Swab of vaginal and rectal specimen
Single or double bacterial swab in Amies agar gel transport or equivalent (non-nutritive transport medium)
Single bacterial swab in Amies agar gel transport or equivalent (non-nutritive transport medium)
Collection of both a vaginal and rectal swab specimen is strongly recommended. Swab the lower vagina (vaginal introitus), followed by the rectum (ie, insert swab through the anal sphincter) using the same swab. Move swab from side to side, or rotate the swab at the collection site, allowing several seconds for absorption of organisms by the swab.
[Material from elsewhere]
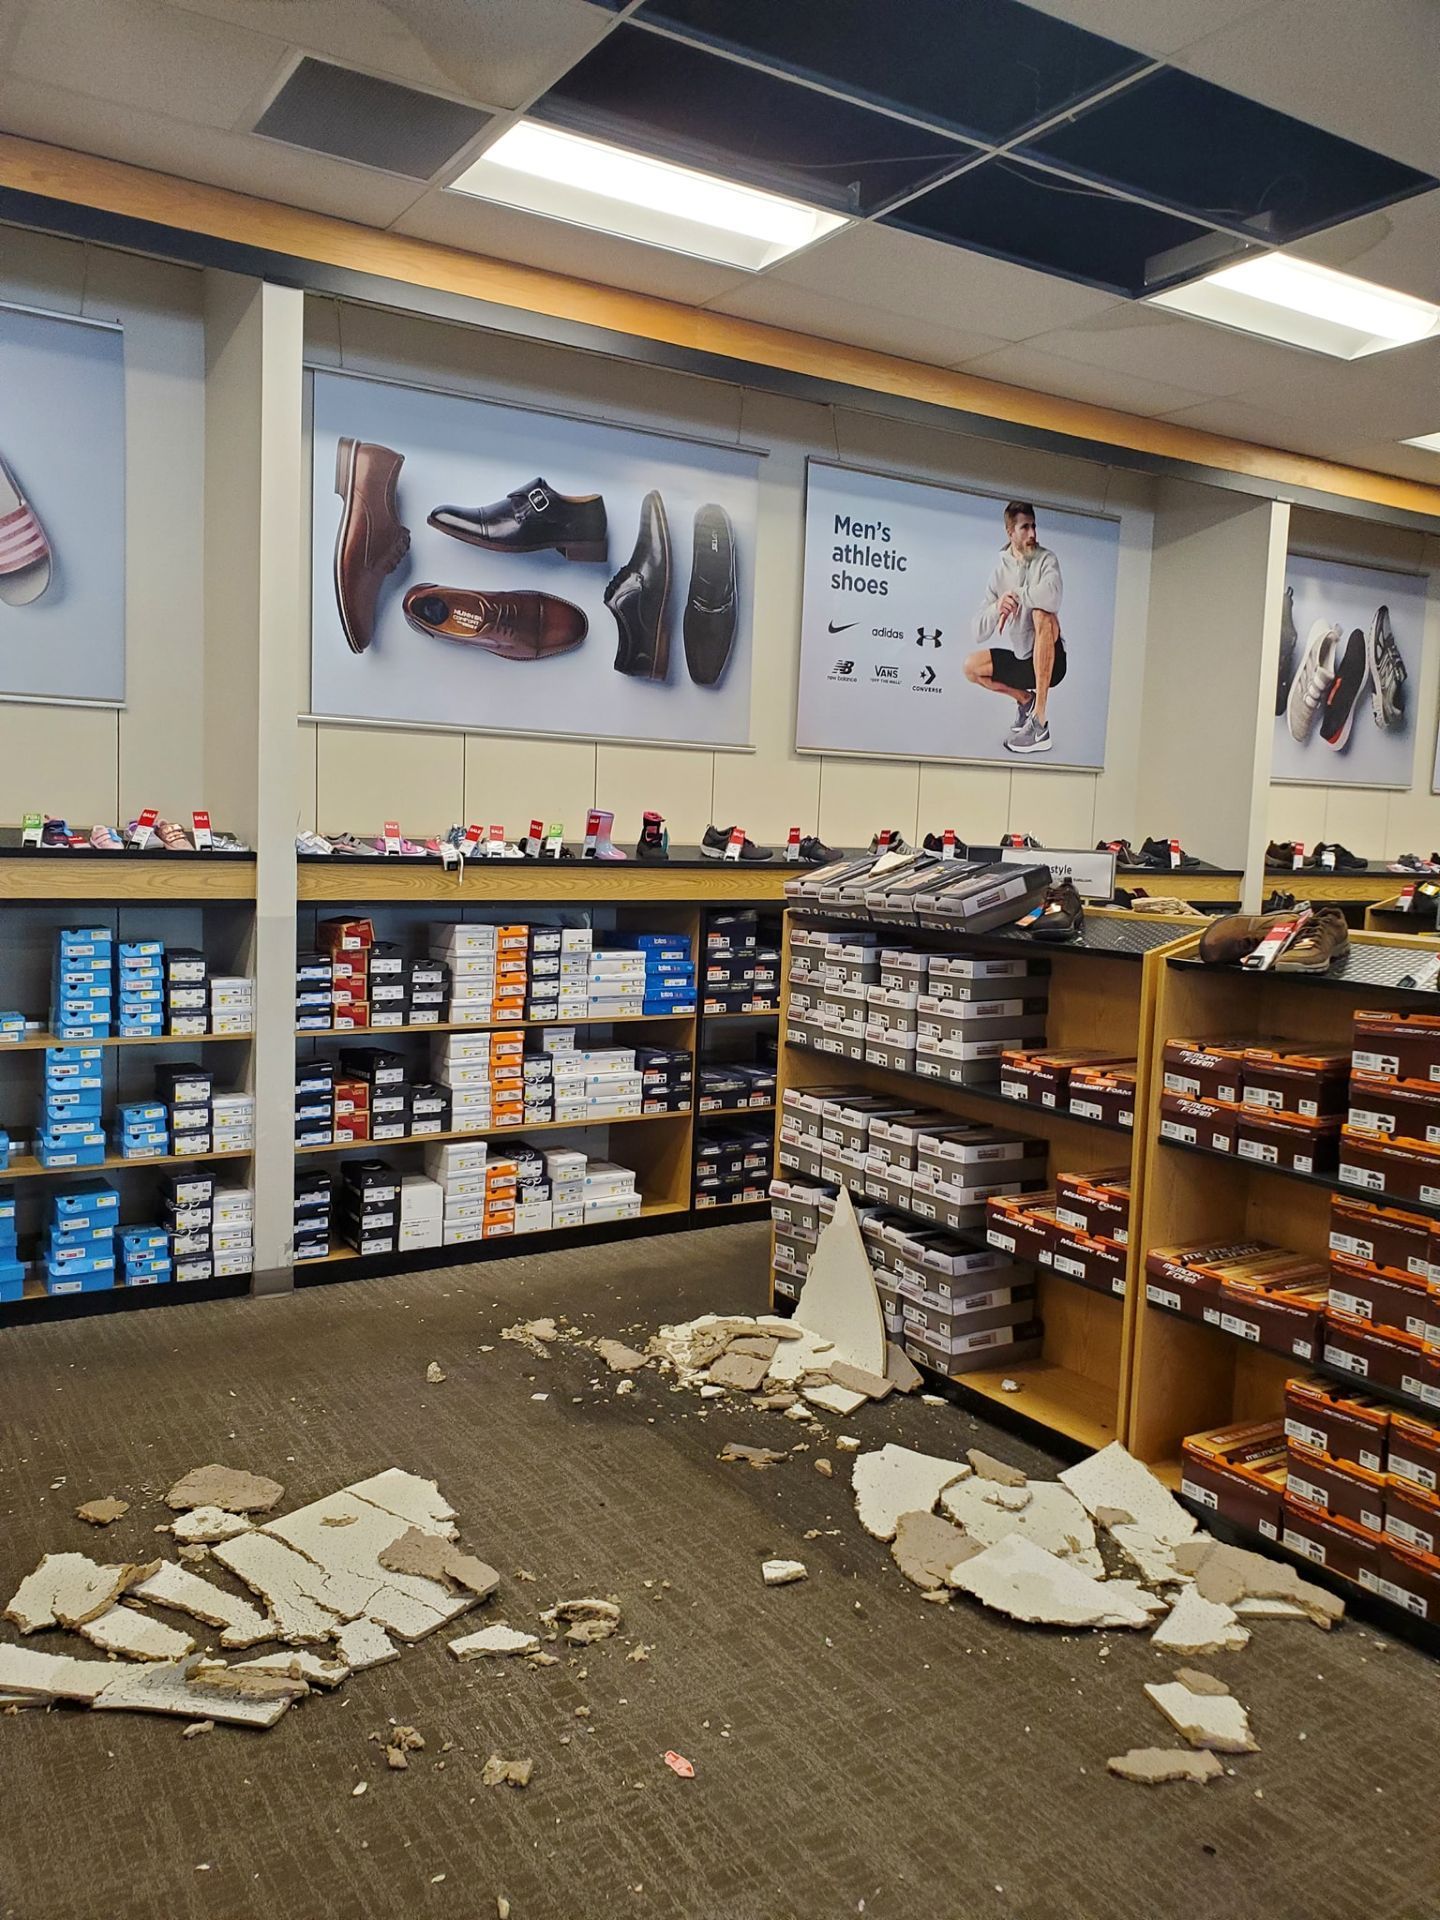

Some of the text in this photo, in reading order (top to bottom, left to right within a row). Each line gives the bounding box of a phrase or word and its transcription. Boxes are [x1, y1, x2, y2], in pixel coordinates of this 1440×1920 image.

Cervical, perianal, perirectal, or perineal specimens are not acceptable, and a speculum should not be used for culture collection.
Specimen is stable for 24 hours at room temperature. If arrival at lab will extend beyond 24 hours, then refrigerate.
Inappropriate specimen transport; use of ESwab™; inappropriate transport conditions; improper labeling; specimen received after 24 hours and not refrigerated; cervical/endocervical, perianal, perirectal or perineal specimen, or any source other than vagina and rectum
Antepartum detection of group B β-hemolytic streptococci.
A positive result does not necessarily indicate the presence of viable organisms. Patients who have used systemic or topical (vaginal) antibiotic treatment in the week prior, as well as patients diagnosed with placenta previa, should not be tested using this assay.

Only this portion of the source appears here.